Would you please transcribe the listing exactly, with no images?

------------------------------------------------

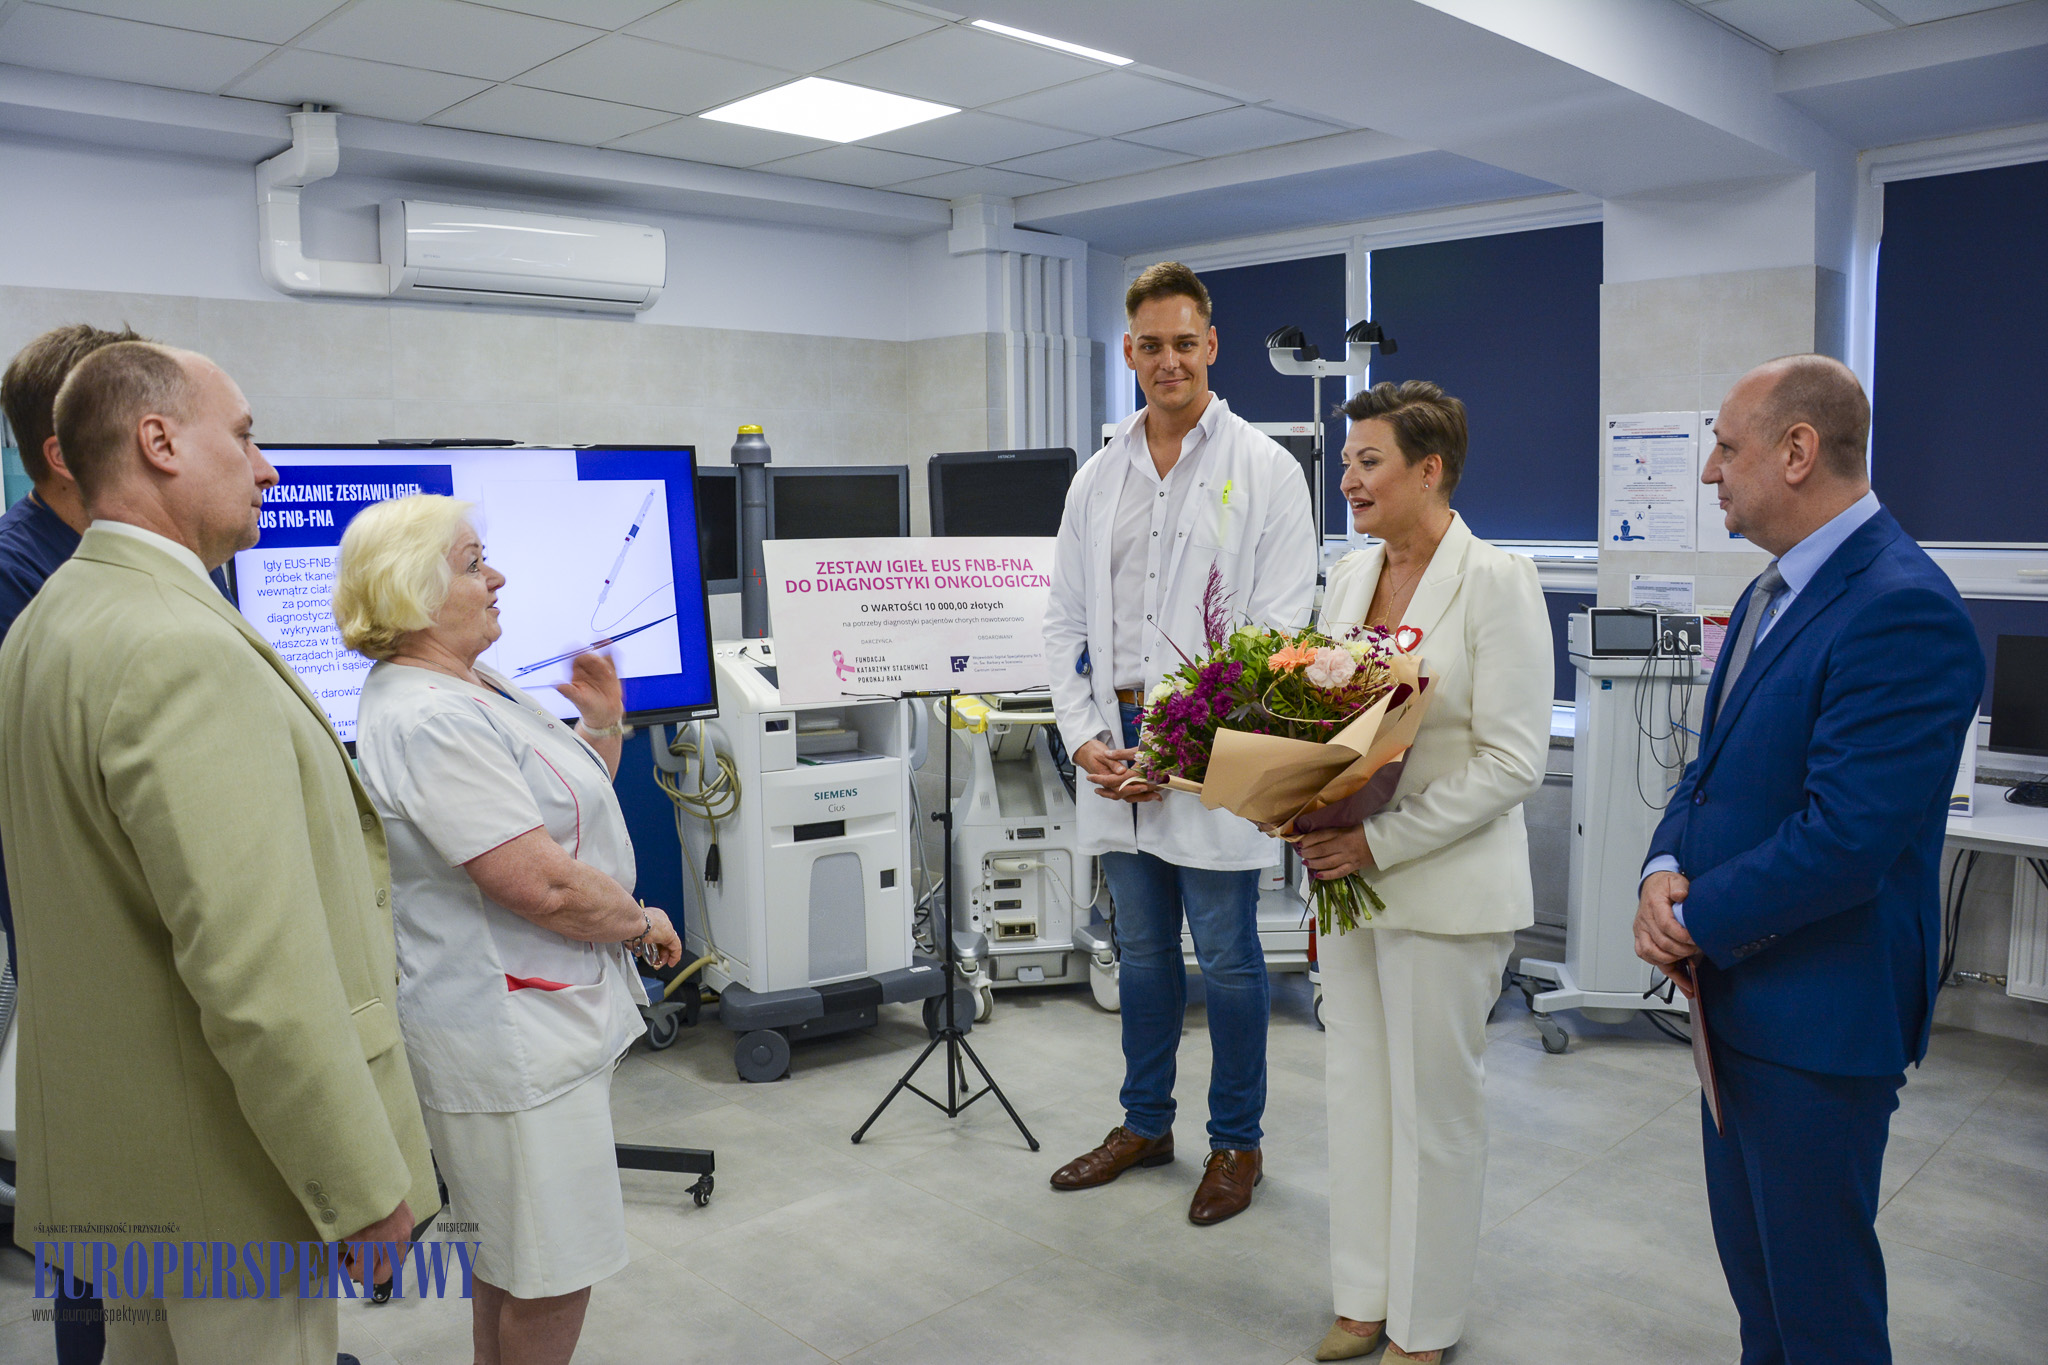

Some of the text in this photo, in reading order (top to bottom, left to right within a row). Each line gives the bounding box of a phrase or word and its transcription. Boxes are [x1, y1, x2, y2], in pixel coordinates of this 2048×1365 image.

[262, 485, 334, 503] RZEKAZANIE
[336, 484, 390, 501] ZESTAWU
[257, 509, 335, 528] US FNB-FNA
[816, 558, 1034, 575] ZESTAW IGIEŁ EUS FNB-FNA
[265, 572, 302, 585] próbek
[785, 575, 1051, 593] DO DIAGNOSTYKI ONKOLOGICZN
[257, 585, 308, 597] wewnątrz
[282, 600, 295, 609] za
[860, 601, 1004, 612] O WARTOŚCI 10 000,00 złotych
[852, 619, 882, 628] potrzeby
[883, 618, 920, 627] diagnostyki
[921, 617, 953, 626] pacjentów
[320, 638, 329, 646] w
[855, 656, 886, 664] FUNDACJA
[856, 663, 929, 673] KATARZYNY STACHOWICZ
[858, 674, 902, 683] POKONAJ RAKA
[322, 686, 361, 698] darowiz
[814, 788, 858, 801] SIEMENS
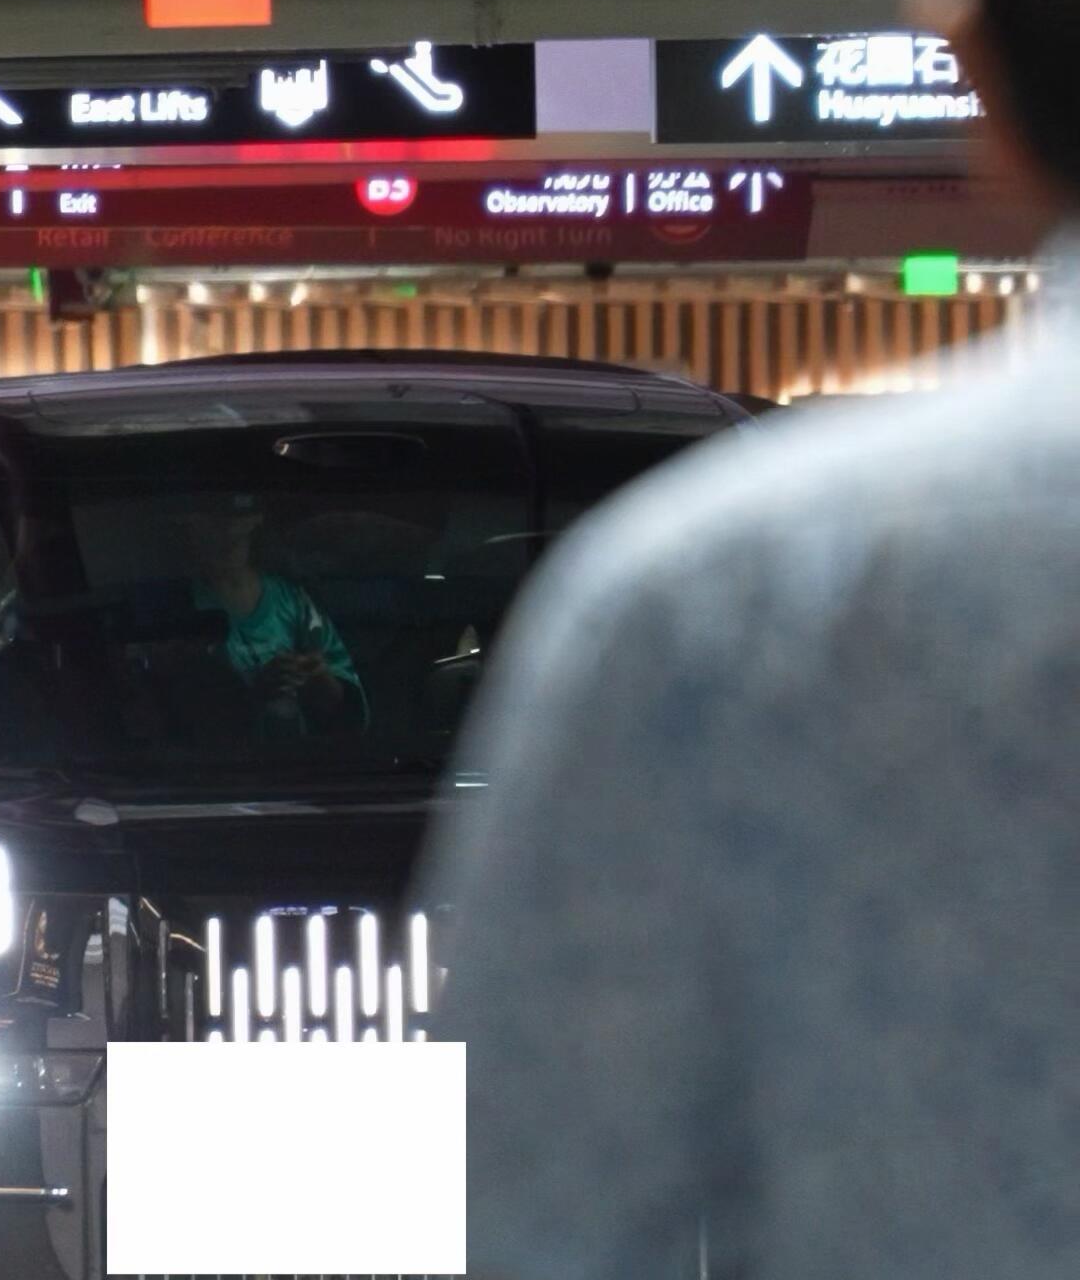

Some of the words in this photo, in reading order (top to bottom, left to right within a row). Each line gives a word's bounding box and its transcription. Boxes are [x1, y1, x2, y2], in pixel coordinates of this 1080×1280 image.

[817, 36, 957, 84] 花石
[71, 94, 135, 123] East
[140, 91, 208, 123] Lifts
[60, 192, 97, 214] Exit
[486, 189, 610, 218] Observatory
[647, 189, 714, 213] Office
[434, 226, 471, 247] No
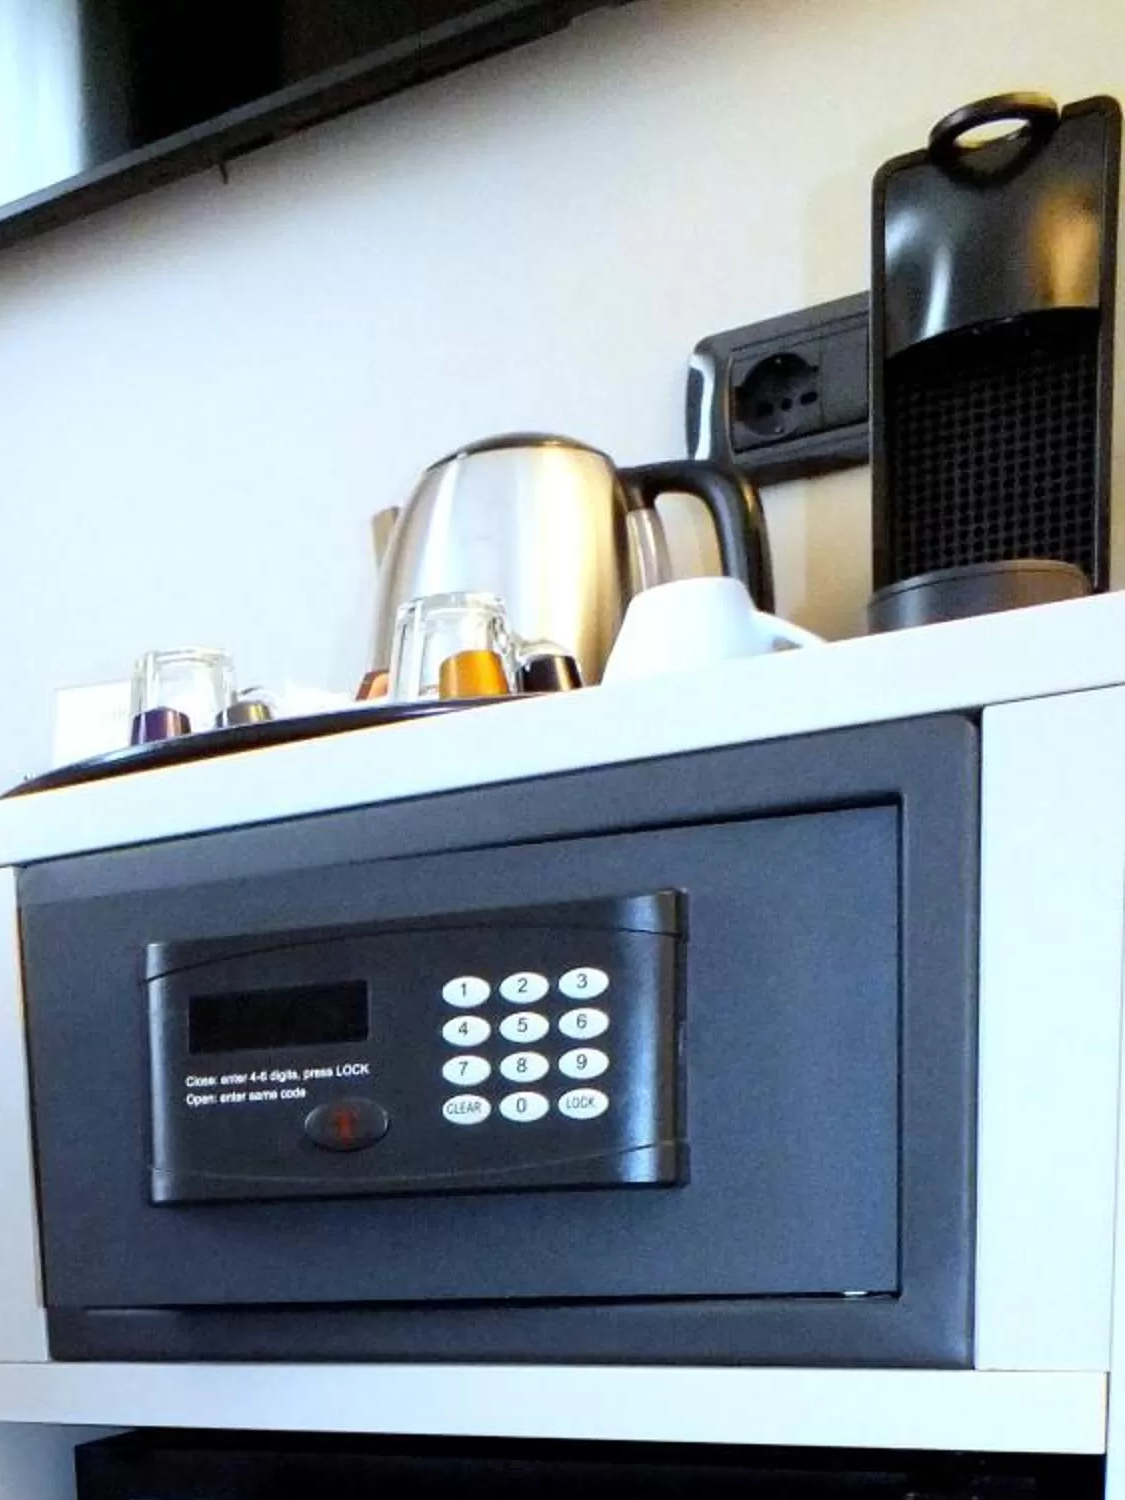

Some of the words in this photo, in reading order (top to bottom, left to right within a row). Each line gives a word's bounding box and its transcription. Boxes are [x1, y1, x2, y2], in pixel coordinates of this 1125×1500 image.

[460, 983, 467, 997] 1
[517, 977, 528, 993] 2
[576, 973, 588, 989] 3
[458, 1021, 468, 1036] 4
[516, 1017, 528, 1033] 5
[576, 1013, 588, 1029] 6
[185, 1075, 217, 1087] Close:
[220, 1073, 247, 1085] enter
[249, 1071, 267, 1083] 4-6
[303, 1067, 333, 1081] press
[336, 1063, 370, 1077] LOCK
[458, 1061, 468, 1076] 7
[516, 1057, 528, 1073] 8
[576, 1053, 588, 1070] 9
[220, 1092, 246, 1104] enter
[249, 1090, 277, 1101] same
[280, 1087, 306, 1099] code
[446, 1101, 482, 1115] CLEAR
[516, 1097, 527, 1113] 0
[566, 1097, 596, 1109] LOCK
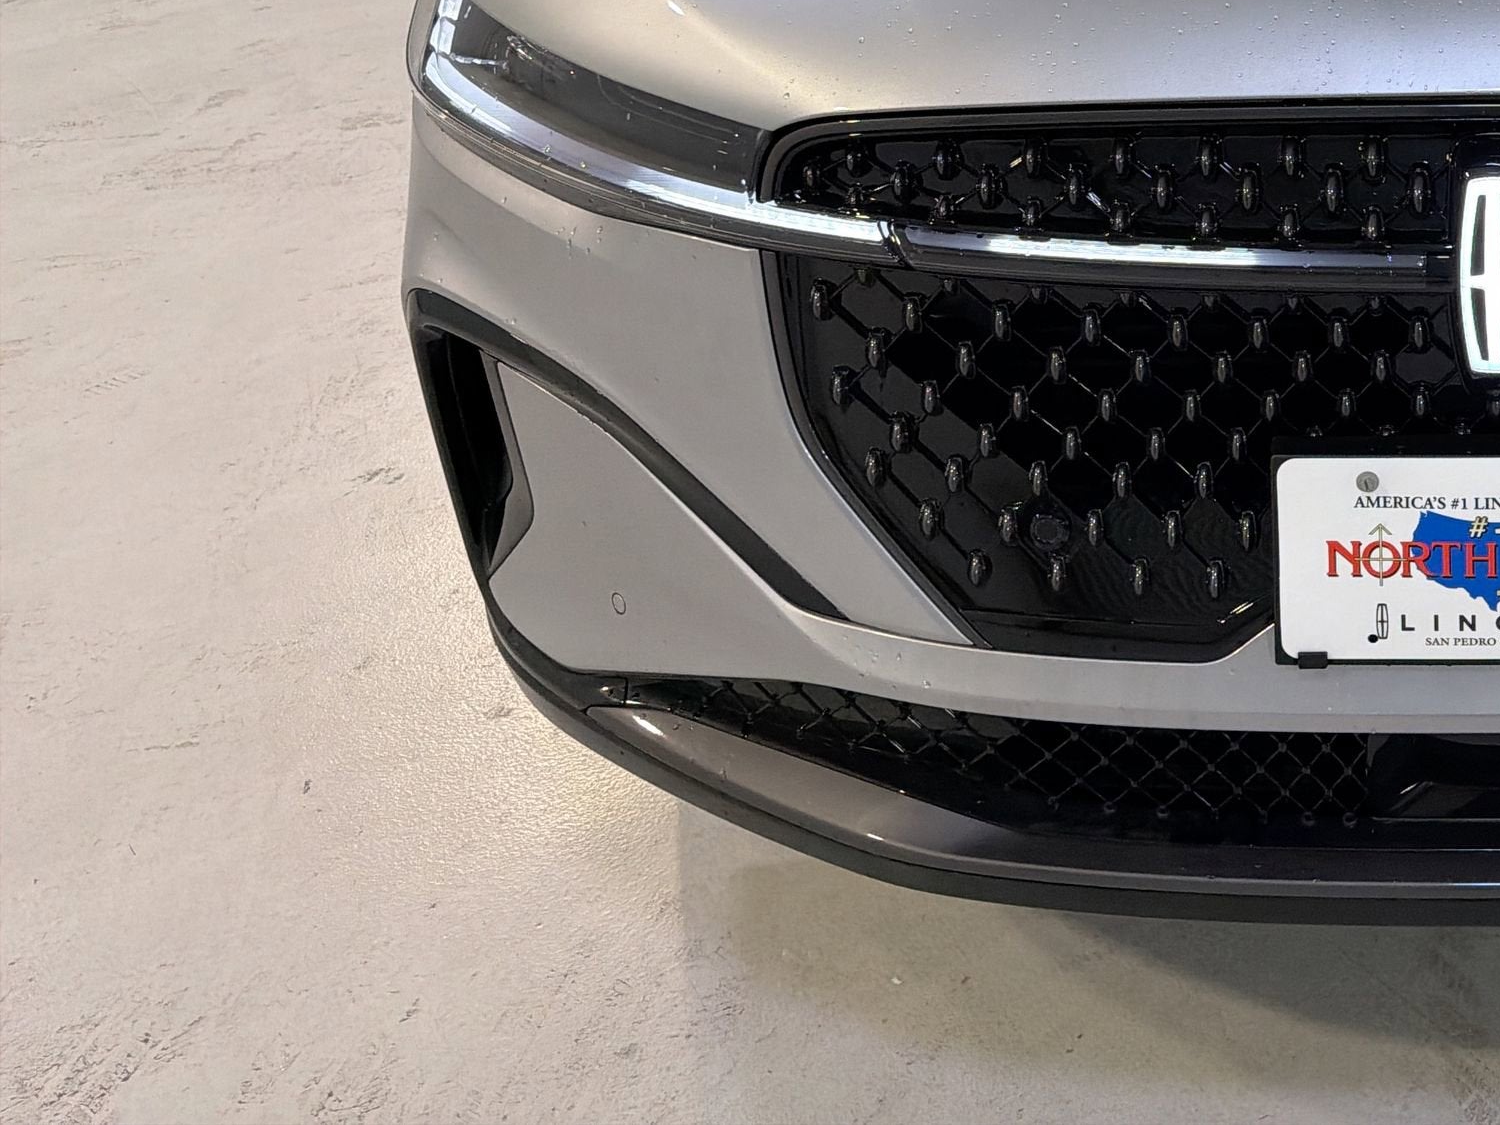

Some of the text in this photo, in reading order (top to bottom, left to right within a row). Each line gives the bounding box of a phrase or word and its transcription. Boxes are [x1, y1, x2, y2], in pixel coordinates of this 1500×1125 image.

------------------------------------------------

§ RESULT FOR THIS TASK
Some of the text in this photo, in reading order (top to bottom, left to right within a row). Each line gives the bounding box of a phrase or word and its transcription. Boxes are [x1, y1, x2, y2], in pixel coordinates of this 2048×1365 image.

[262, 485, 334, 503] RZEKAZANIE
[336, 484, 390, 501] ZESTAWU
[257, 509, 335, 528] US FNB-FNA
[816, 558, 1034, 575] ZESTAW IGIEŁ EUS FNB-FNA
[265, 572, 302, 585] próbek
[785, 575, 1051, 593] DO DIAGNOSTYKI ONKOLOGICZN
[257, 585, 308, 597] wewnątrz
[282, 600, 295, 609] za
[860, 601, 1004, 612] O WARTOŚCI 10 000,00 złotych
[852, 619, 882, 628] potrzeby
[883, 618, 920, 627] diagnostyki
[921, 617, 953, 626] pacjentów
[320, 638, 329, 646] w
[855, 656, 886, 664] FUNDACJA
[856, 663, 929, 673] KATARZYNY STACHOWICZ
[858, 674, 902, 683] POKONAJ RAKA
[322, 686, 361, 698] darowiz
[814, 788, 858, 801] SIEMENS

Some of the words in this photo, in reading order (top to bottom, left to right within a row). Each line gives a word's bounding box and its transcription. Boxes are [x1, y1, x2, y2], in pixel coordinates of this 1080×1280 image.

[817, 36, 957, 84] 花石
[71, 94, 135, 123] East
[140, 91, 208, 123] Lifts
[60, 192, 97, 214] Exit
[486, 189, 610, 218] Observatory
[647, 189, 714, 213] Office
[434, 226, 471, 247] No

Some of the words in this photo, in reading order (top to bottom, left to right within a row). Each line gives a word's bounding box and its transcription. Boxes are [x1, y1, x2, y2], in pixel coordinates of this 1125×1500 image.

[460, 983, 467, 997] 1
[517, 977, 528, 993] 2
[576, 973, 588, 989] 3
[458, 1021, 468, 1036] 4
[516, 1017, 528, 1033] 5
[576, 1013, 588, 1029] 6
[185, 1075, 217, 1087] Close:
[220, 1073, 247, 1085] enter
[249, 1071, 267, 1083] 4-6
[303, 1067, 333, 1081] press
[336, 1063, 370, 1077] LOCK
[458, 1061, 468, 1076] 7
[516, 1057, 528, 1073] 8
[576, 1053, 588, 1070] 9
[220, 1092, 246, 1104] enter
[249, 1090, 277, 1101] same
[280, 1087, 306, 1099] code
[446, 1101, 482, 1115] CLEAR
[516, 1097, 527, 1113] 0
[566, 1097, 596, 1109] LOCK

Some of the text in this photo, in reading order (top to bottom, left to right within a row). Each line gives the bounding box of a phrase or word and its transcription. Boxes are [x1, y1, x2, y2], in pixel coordinates of this 1500×1125 image.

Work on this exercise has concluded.